Author | : JoEllen McNergney Vinyard |
Publisher | : University of Illinois Press |
Total Pages | : 334 |
Release | : 1998 |
Genre | : Education |
ISBN | : 9780252067075 |
Download For Faith and Fortune Book in PDF, ePub and Kindle
Even before the massive European immigrations of the nineteenth and early twentieth centuries, Detroit had a tradition of Catholicism. Multiple immigrant groups became part of the city and considered it important to educate their daughters as well as their sons within the Church. JoEllen McNergney Vinyard's comprehensive examination of parochial education in Detroit within the broader context of that city's urbanization patterns yields a richly detailed addition to our understanding of the European immigrant experience. For Faith and Fortune will be of interest to historians and scholars of urban studies, particularly immigration, schooling, and the Catholic experience.

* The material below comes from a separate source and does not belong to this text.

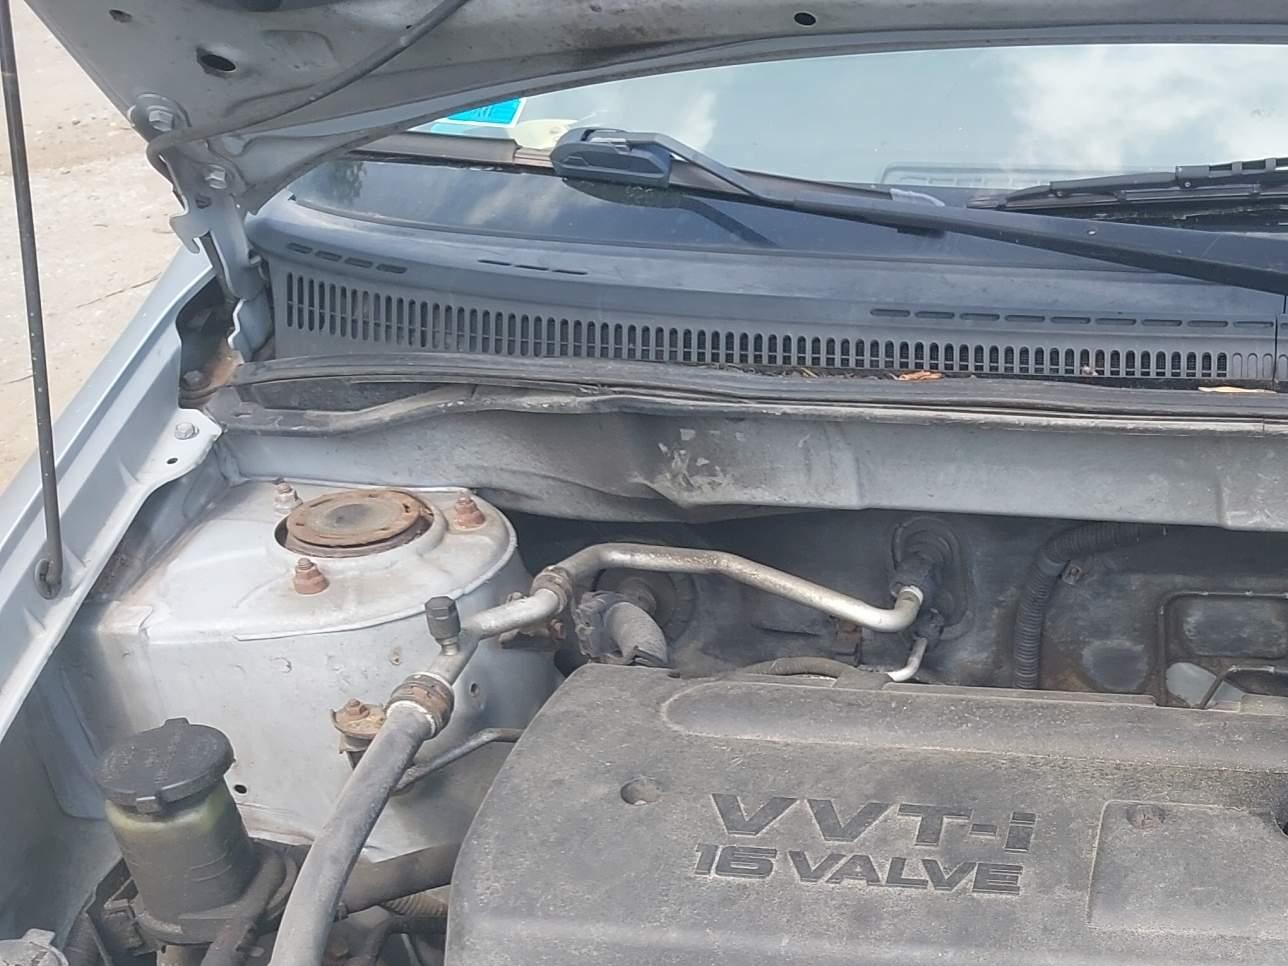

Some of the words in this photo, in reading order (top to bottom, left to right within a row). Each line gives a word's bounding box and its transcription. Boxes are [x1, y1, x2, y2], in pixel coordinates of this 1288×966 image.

Author | : James T. Fisher |
Publisher | : Oxford University Press |
Total Pages | : 203 |
Release | : 2007-11-30 |
Genre | : Religion |
ISBN | : 0199842256 |
Download Communion of Immigrants Book in PDF, ePub and Kindle
Catholicism has grown from a suppressed and persecuted outsiders' religion in the American colonies to become the nation's single largest denomination. James Fisher surveys more than four centuries of Catholics' involvement in American history, starting his narrative with one of the first Spanish expeditions to Florida, in 1528. He follows the transformation of Catholicism into one of America's most culturally and ethnically diverse religions, including the English Catholics' early settlement in Maryland, the Spanish missions to the Native Americans, the Irish and German poor who came in search of work and farmland, the proliferation of Polish and Italian communities, and the growing influx of Catholics from Latin America. The book discusses Catholic involvement in politics and conflict, from New York's Tammany Hall to the Vietnam War and abortion. Fisher highlights the critical role of women in American Catholicism--from St. Elizabeth Seton and Dorothy Day to Mother Cabrini, the first American citizen to be canonized a saint--and describes the influence of prominent American Catholics such as Cardinal John J. O'Connor, 1930s radio personality Father Charles Coughlin, President John F. Kennedy, pacifists Daniel and Philip Berrigan, activist Cesar Chavez, and author Flannery O'Connor. For this new edition, Fisher has brought the story up to date, including the latest struggles within the American church leadership.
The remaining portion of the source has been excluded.